| Work to be completed |
Every record that follows needs to be written out again, exactly.

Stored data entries
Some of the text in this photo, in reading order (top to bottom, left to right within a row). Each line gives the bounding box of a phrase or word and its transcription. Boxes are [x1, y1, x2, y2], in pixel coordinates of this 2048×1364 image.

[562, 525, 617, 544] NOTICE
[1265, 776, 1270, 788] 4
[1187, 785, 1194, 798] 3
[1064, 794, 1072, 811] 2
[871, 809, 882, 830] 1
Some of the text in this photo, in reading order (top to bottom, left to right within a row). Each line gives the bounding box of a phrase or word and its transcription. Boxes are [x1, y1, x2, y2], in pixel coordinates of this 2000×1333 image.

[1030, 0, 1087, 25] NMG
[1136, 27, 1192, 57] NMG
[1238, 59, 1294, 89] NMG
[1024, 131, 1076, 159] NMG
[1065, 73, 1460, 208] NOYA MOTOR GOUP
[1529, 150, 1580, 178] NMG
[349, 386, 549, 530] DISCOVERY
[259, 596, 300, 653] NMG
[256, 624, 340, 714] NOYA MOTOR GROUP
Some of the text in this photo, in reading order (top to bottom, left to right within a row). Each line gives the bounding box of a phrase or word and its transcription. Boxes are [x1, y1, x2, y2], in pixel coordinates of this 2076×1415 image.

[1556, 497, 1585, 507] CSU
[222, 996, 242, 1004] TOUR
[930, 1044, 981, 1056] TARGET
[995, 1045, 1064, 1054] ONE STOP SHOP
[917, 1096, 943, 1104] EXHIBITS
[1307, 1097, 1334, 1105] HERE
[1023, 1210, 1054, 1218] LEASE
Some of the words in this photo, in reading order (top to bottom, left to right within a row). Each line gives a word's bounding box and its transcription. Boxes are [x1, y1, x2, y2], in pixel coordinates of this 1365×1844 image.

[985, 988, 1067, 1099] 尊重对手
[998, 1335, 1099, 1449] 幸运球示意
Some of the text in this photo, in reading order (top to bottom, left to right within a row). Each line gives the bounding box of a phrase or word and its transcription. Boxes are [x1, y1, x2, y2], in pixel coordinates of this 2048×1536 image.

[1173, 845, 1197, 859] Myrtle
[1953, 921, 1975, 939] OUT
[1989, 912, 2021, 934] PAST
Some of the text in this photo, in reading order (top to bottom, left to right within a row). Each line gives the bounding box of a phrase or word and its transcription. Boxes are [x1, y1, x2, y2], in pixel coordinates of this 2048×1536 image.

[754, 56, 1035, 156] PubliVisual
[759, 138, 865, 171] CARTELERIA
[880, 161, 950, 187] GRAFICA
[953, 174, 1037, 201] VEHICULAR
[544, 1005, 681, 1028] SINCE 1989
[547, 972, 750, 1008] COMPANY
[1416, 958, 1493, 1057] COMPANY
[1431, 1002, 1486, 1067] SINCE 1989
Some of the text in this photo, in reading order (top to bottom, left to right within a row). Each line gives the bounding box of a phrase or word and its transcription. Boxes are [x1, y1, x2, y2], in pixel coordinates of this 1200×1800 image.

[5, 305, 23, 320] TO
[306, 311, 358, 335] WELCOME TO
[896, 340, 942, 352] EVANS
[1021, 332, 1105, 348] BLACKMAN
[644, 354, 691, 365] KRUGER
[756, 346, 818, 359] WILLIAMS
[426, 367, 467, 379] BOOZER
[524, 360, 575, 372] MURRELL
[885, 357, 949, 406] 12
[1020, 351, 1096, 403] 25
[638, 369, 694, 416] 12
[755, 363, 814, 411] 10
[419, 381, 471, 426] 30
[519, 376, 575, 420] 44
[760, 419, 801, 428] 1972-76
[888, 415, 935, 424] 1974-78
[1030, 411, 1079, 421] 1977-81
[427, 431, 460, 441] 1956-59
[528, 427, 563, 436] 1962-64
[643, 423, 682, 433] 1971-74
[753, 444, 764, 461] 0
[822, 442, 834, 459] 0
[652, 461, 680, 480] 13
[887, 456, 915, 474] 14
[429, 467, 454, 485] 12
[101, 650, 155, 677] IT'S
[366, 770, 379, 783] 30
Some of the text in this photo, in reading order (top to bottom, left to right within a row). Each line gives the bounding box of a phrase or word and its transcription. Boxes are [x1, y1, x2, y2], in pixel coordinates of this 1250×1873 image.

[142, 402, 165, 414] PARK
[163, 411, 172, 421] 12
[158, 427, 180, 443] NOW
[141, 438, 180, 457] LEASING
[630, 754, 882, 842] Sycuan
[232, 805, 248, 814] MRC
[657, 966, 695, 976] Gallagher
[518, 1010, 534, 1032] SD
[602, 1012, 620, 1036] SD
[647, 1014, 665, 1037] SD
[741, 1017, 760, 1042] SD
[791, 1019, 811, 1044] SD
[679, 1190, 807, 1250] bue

| Your solution |
Some of the text in this photo, in reading order (top to bottom, left to right within a row). Each line gives the bounding box of a phrase or word and its transcription. Boxes are [x1, y1, x2, y2], in pixel coordinates of this 2048×1364 image.

[562, 525, 617, 544] NOTICE
[1265, 776, 1270, 788] 4
[1187, 785, 1194, 798] 3
[1064, 794, 1072, 811] 2
[871, 809, 882, 830] 1
Some of the text in this photo, in reading order (top to bottom, left to right within a row). Each line gives the bounding box of a phrase or word and its transcription. Boxes are [x1, y1, x2, y2], in pixel coordinates of this 2000×1333 image.

[1030, 0, 1087, 25] NMG
[1136, 27, 1192, 57] NMG
[1238, 59, 1294, 89] NMG
[1024, 131, 1076, 159] NMG
[1065, 73, 1460, 208] NOYA MOTOR GOUP
[1529, 150, 1580, 178] NMG
[349, 386, 549, 530] DISCOVERY
[259, 596, 300, 653] NMG
[256, 624, 340, 714] NOYA MOTOR GROUP
Some of the text in this photo, in reading order (top to bottom, left to right within a row). Each line gives the bounding box of a phrase or word and its transcription. Boxes are [x1, y1, x2, y2], in pixel coordinates of this 2076×1415 image.

[1556, 497, 1585, 507] CSU
[222, 996, 242, 1004] TOUR
[930, 1044, 981, 1056] TARGET
[995, 1045, 1064, 1054] ONE STOP SHOP
[917, 1096, 943, 1104] EXHIBITS
[1307, 1097, 1334, 1105] HERE
[1023, 1210, 1054, 1218] LEASE
Some of the words in this photo, in reading order (top to bottom, left to right within a row). Each line gives a word's bounding box and its transcription. Boxes are [x1, y1, x2, y2], in pixel coordinates of this 1365×1844 image.

[985, 988, 1067, 1099] 尊重对手
[998, 1335, 1099, 1449] 幸运球示意
Some of the text in this photo, in reading order (top to bottom, left to right within a row). Each line gives the bounding box of a phrase or word and its transcription. Boxes are [x1, y1, x2, y2], in pixel coordinates of this 2048×1536 image.

[1173, 845, 1197, 859] Myrtle
[1953, 921, 1975, 939] OUT
[1989, 912, 2021, 934] PAST
Some of the text in this photo, in reading order (top to bottom, left to right within a row). Each line gives the bounding box of a phrase or word and its transcription. Boxes are [x1, y1, x2, y2], in pixel coordinates of this 2048×1536 image.

[754, 56, 1035, 156] PubliVisual
[759, 138, 865, 171] CARTELERIA
[880, 161, 950, 187] GRAFICA
[953, 174, 1037, 201] VEHICULAR
[544, 1005, 681, 1028] SINCE 1989
[547, 972, 750, 1008] COMPANY
[1416, 958, 1493, 1057] COMPANY
[1431, 1002, 1486, 1067] SINCE 1989
Some of the text in this photo, in reading order (top to bottom, left to right within a row). Each line gives the bounding box of a phrase or word and its transcription. Boxes are [x1, y1, x2, y2], in pixel coordinates of this 1200×1800 image.

[5, 305, 23, 320] TO
[306, 311, 358, 335] WELCOME TO
[896, 340, 942, 352] EVANS
[1021, 332, 1105, 348] BLACKMAN
[644, 354, 691, 365] KRUGER
[756, 346, 818, 359] WILLIAMS
[426, 367, 467, 379] BOOZER
[524, 360, 575, 372] MURRELL
[885, 357, 949, 406] 12
[1020, 351, 1096, 403] 25
[638, 369, 694, 416] 12
[755, 363, 814, 411] 10
[419, 381, 471, 426] 30
[519, 376, 575, 420] 44
[760, 419, 801, 428] 1972-76
[888, 415, 935, 424] 1974-78
[1030, 411, 1079, 421] 1977-81
[427, 431, 460, 441] 1956-59
[528, 427, 563, 436] 1962-64
[643, 423, 682, 433] 1971-74
[753, 444, 764, 461] 0
[822, 442, 834, 459] 0
[652, 461, 680, 480] 13
[887, 456, 915, 474] 14
[429, 467, 454, 485] 12
[101, 650, 155, 677] IT'S
[366, 770, 379, 783] 30
Some of the text in this photo, in reading order (top to bottom, left to right within a row). Each line gives the bounding box of a phrase or word and its transcription. Boxes are [x1, y1, x2, y2], in pixel coordinates of this 1250×1873 image.

[142, 402, 165, 414] PARK
[163, 411, 172, 421] 12
[158, 427, 180, 443] NOW
[141, 438, 180, 457] LEASING
[630, 754, 882, 842] Sycuan
[232, 805, 248, 814] MRC
[657, 966, 695, 976] Gallagher
[518, 1010, 534, 1032] SD
[602, 1012, 620, 1036] SD
[647, 1014, 665, 1037] SD
[741, 1017, 760, 1042] SD
[791, 1019, 811, 1044] SD
[679, 1190, 807, 1250] bue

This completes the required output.